=== GIVEN RECORDS ===
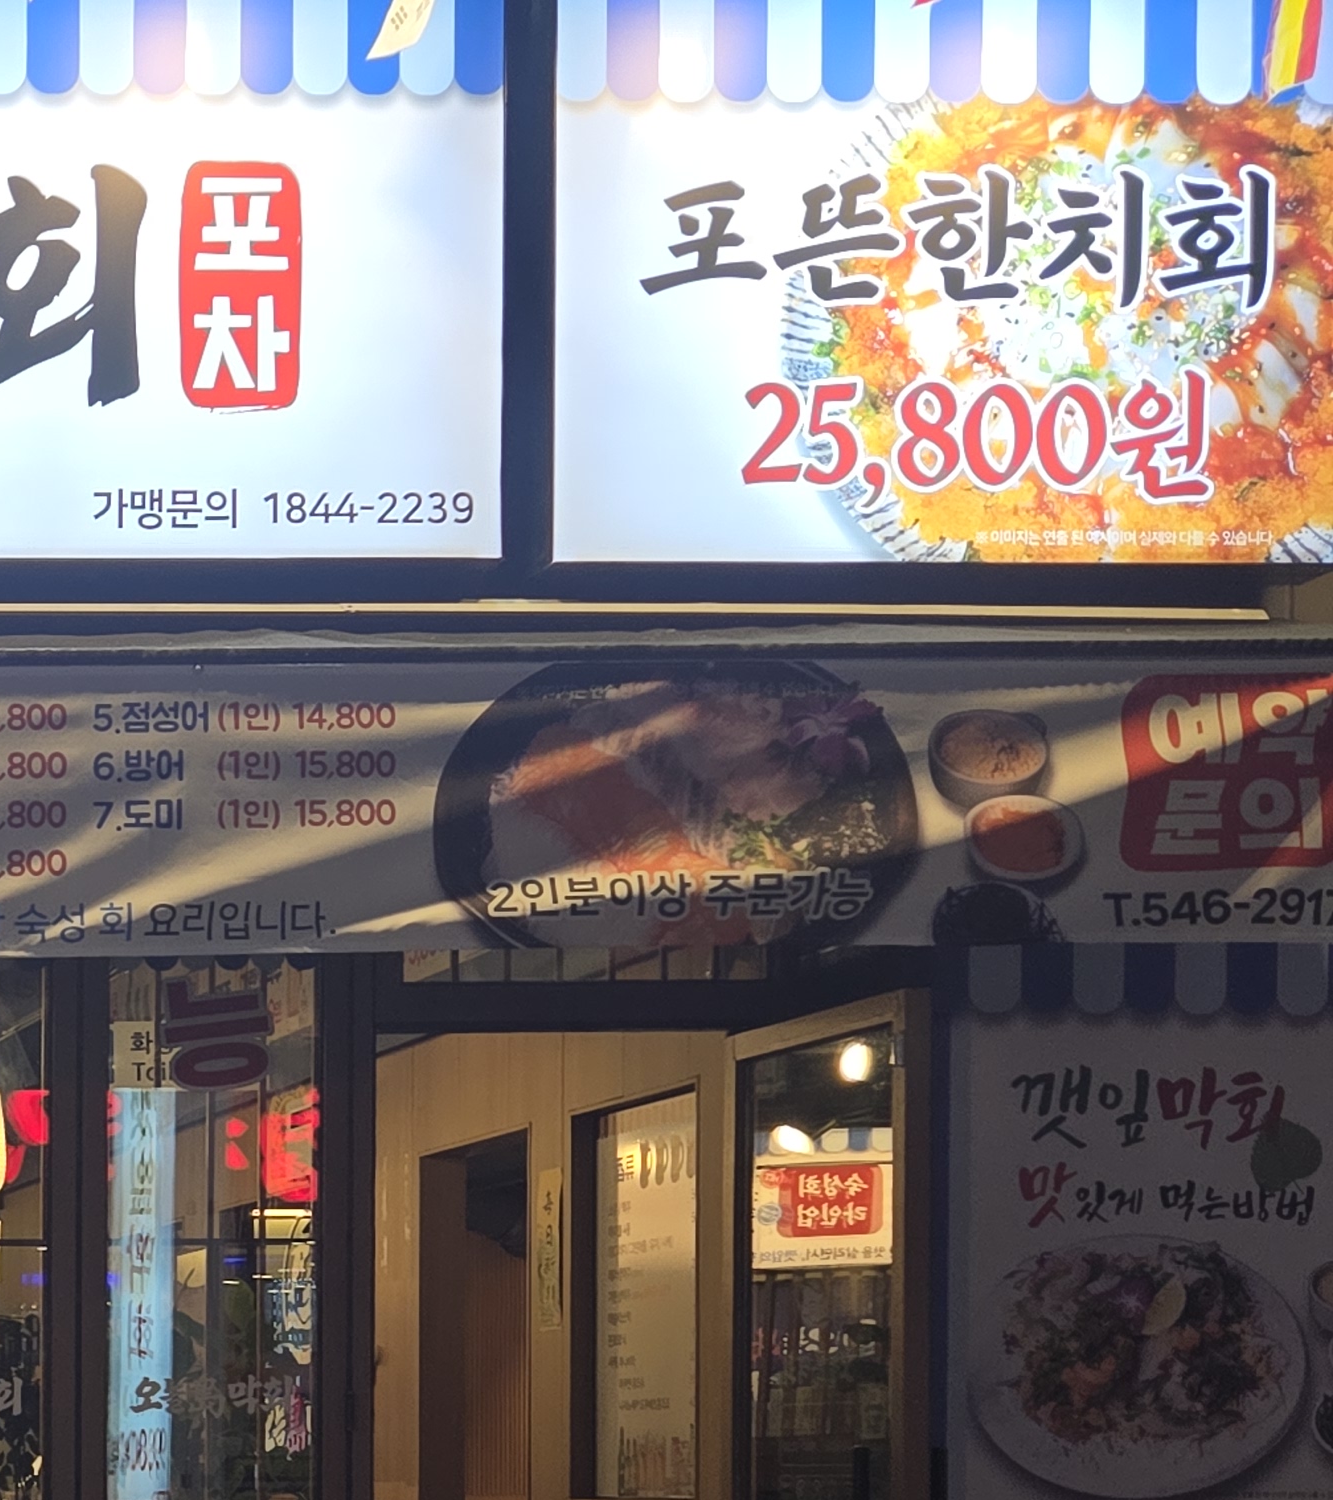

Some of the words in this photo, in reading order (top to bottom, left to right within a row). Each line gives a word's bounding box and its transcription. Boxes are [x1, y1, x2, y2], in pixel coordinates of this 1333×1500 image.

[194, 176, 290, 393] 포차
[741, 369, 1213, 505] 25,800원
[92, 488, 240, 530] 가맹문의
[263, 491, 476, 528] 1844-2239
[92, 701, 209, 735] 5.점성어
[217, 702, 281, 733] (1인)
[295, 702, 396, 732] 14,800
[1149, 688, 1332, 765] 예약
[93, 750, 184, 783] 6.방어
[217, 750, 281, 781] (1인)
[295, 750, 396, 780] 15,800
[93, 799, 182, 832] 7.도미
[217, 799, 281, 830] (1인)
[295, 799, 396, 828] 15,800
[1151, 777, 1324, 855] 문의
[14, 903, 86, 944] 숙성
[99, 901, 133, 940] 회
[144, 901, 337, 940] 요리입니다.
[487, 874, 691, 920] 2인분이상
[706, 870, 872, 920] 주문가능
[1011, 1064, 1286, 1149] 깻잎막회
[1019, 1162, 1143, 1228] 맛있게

=== WHAT TO PRODUCE ===
Where an image appears in the data, skip it, and return the rest verbatim.

=== REPLY TO THE EXERCISE ===
Some of the words in this photo, in reading order (top to bottom, left to right within a row). Each line gives a word's bounding box and its transcription. Boxes are [x1, y1, x2, y2], in pixel coordinates of this 1333×1500 image.

[194, 176, 290, 393] 포차
[741, 369, 1213, 505] 25,800원
[92, 488, 240, 530] 가맹문의
[263, 491, 476, 528] 1844-2239
[92, 701, 209, 735] 5.점성어
[217, 702, 281, 733] (1인)
[295, 702, 396, 732] 14,800
[1149, 688, 1332, 765] 예약
[93, 750, 184, 783] 6.방어
[217, 750, 281, 781] (1인)
[295, 750, 396, 780] 15,800
[93, 799, 182, 832] 7.도미
[217, 799, 281, 830] (1인)
[295, 799, 396, 828] 15,800
[1151, 777, 1324, 855] 문의
[14, 903, 86, 944] 숙성
[99, 901, 133, 940] 회
[144, 901, 337, 940] 요리입니다.
[487, 874, 691, 920] 2인분이상
[706, 870, 872, 920] 주문가능
[1011, 1064, 1286, 1149] 깻잎막회
[1019, 1162, 1143, 1228] 맛있게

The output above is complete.